Swapping shots for better sleeping patterns: Dry January has begun

For many, January marks internal goals of achieving better fitness and setting spending budgets, but for others it signifies breaking their relationships with booze.

Met with an eye roll, we’ve all vowed to ‘never drink again’ after a pretty heavy night, however, launched by Alcohol Change UK, Dry January could be what you need to help you ditch hangovers for the next 31 days and improve your overall quality of life.

Absolute Vodka bottle lot on glass racks

Created in 2013, experts from the organisation have collected results from people who chose to partake in the event and discovered 70% of people reported sleeping better and 66% having more energy. Additionally, 86% of people said stopping drinking helped them to save money.

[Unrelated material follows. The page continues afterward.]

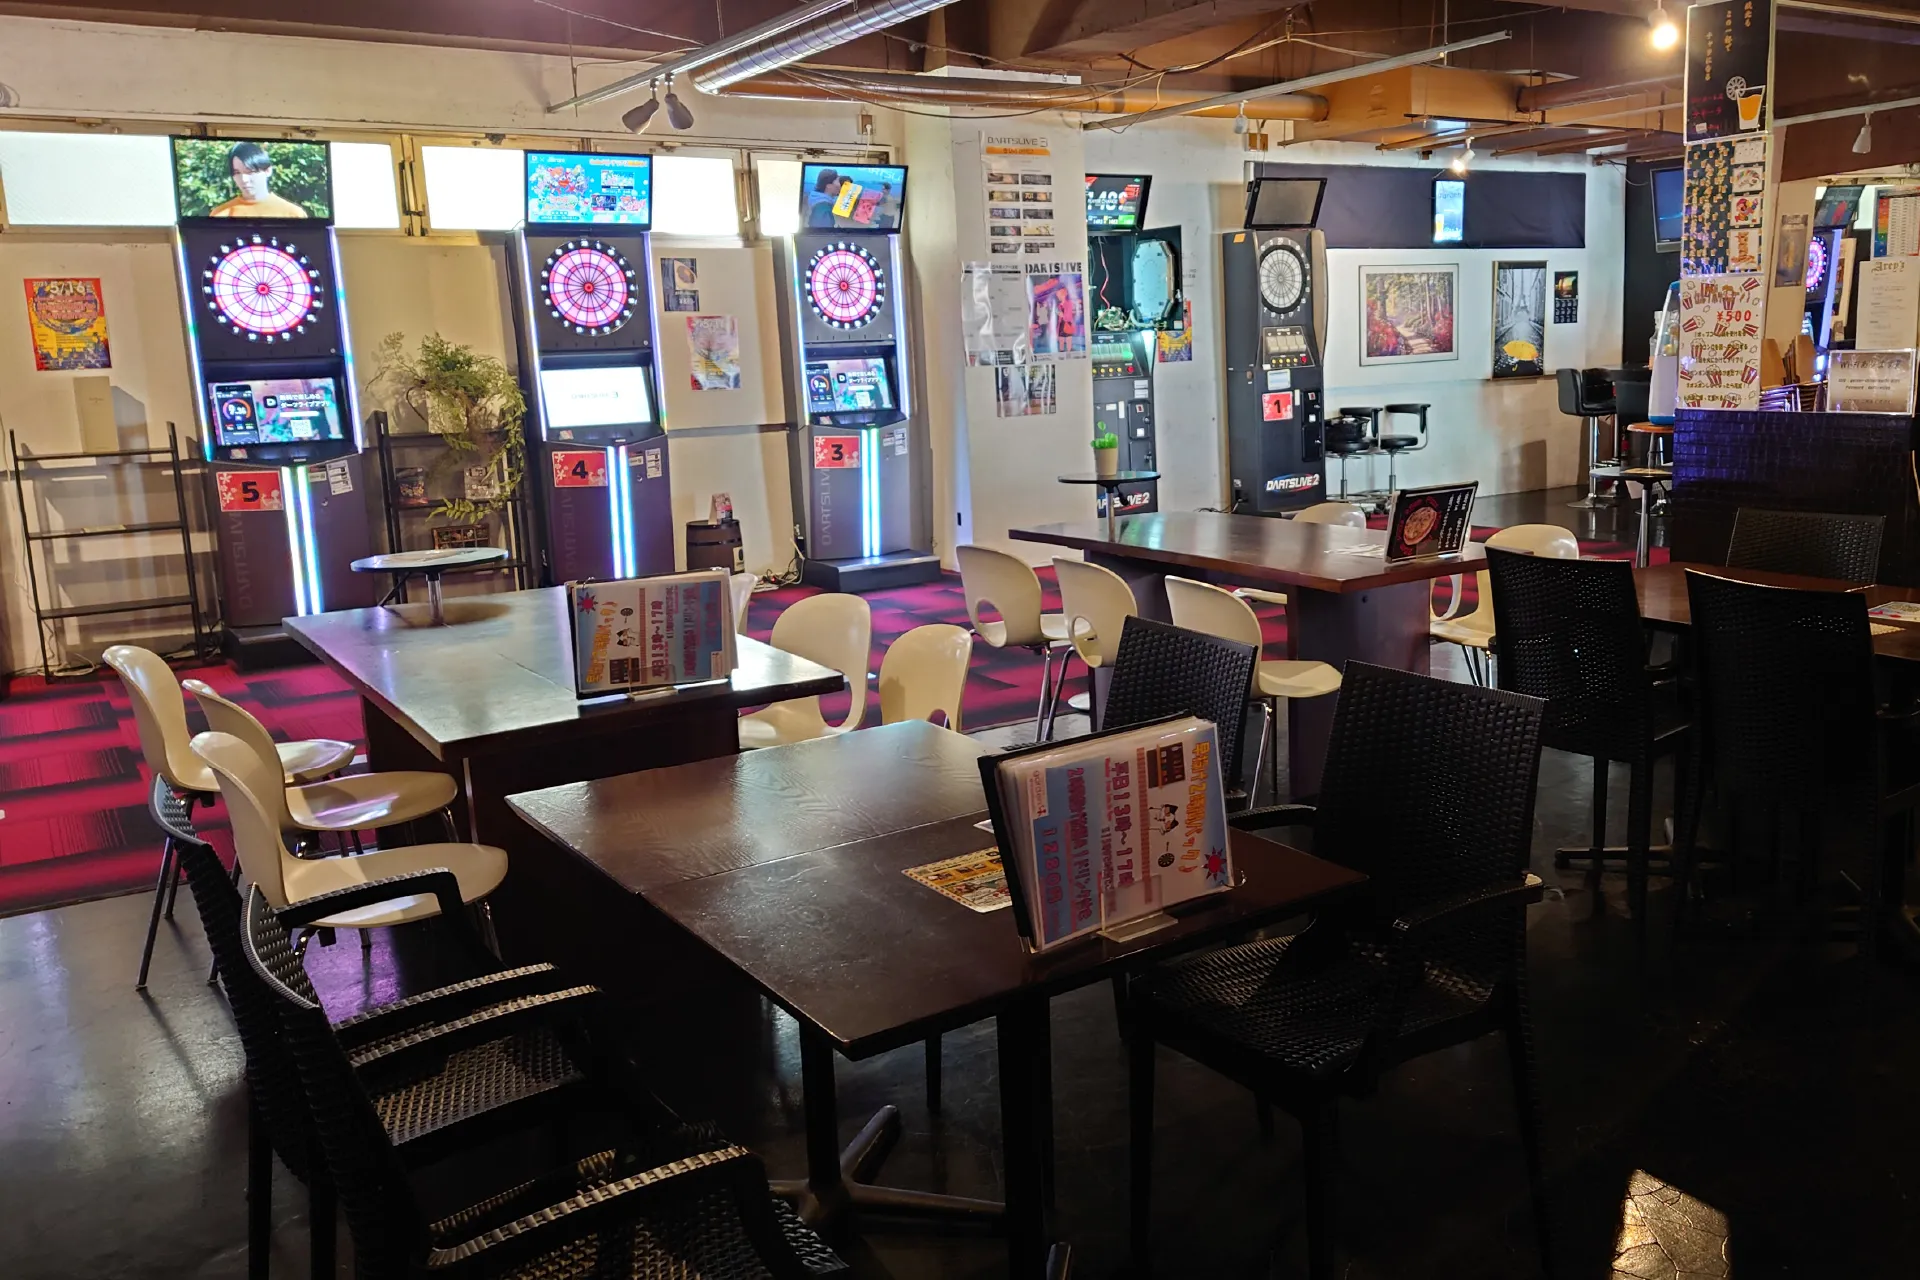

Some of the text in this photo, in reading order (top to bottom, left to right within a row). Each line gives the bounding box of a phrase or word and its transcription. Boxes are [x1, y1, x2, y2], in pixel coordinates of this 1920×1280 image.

During the current cost-of-living pressures the price of alcohol has risen by 27.5% since 2015 according to research by Statista, a leading provider of market and consumer data.

Research conducted by the Royal Free Hospital in 2018 also found a month off alcohol helps to lower people’s blood pressure, reduces the risk of diabetes, and reduces levels of cancer-related proteins that can occur in the blood.  

However, organisers of Dry January have warned that people who have become dependent on alcohol should slowly try to wean themselves off the substance rather than quit cold turkey.

Although a report produced by the Public Accounts Committee in Northern Ireland suggests more people are dealing with alcohol dependency for the first time in the last decade.

Published in January 2022, the document highlights in Northern Ireland, drug and alcohol abuse were labelled as ‘significant and likely to get worse’. In 2021 there were 351 deaths that resulted from alcohol and drug misuse – an average of almost one per day.

Against this backdrop, last year the Office for National Statistics reported a record number of people died from drinking too much due to an increased amount of alcohol being consumed over the pandemic.

ONS findings show there were 9,641 deaths in the UK in 2021, compared to 7,565 in 2019. Alcohol specific deaths were also found to be highest in Scotland and lowest in England.

Mal Byrne from Extern, a charity that works with people dealing with drug and alcohol issues, said anyone wishing to take control of their problematic alcohol addiction, like reducing their intake, should seek a medical professionals opinion.

Mr Byrne said: ‘Dependence on alcohol can be both physical and psychological and unlike withdrawal symptoms with other substances, alcohol withdrawal can cause significant physical ill health.’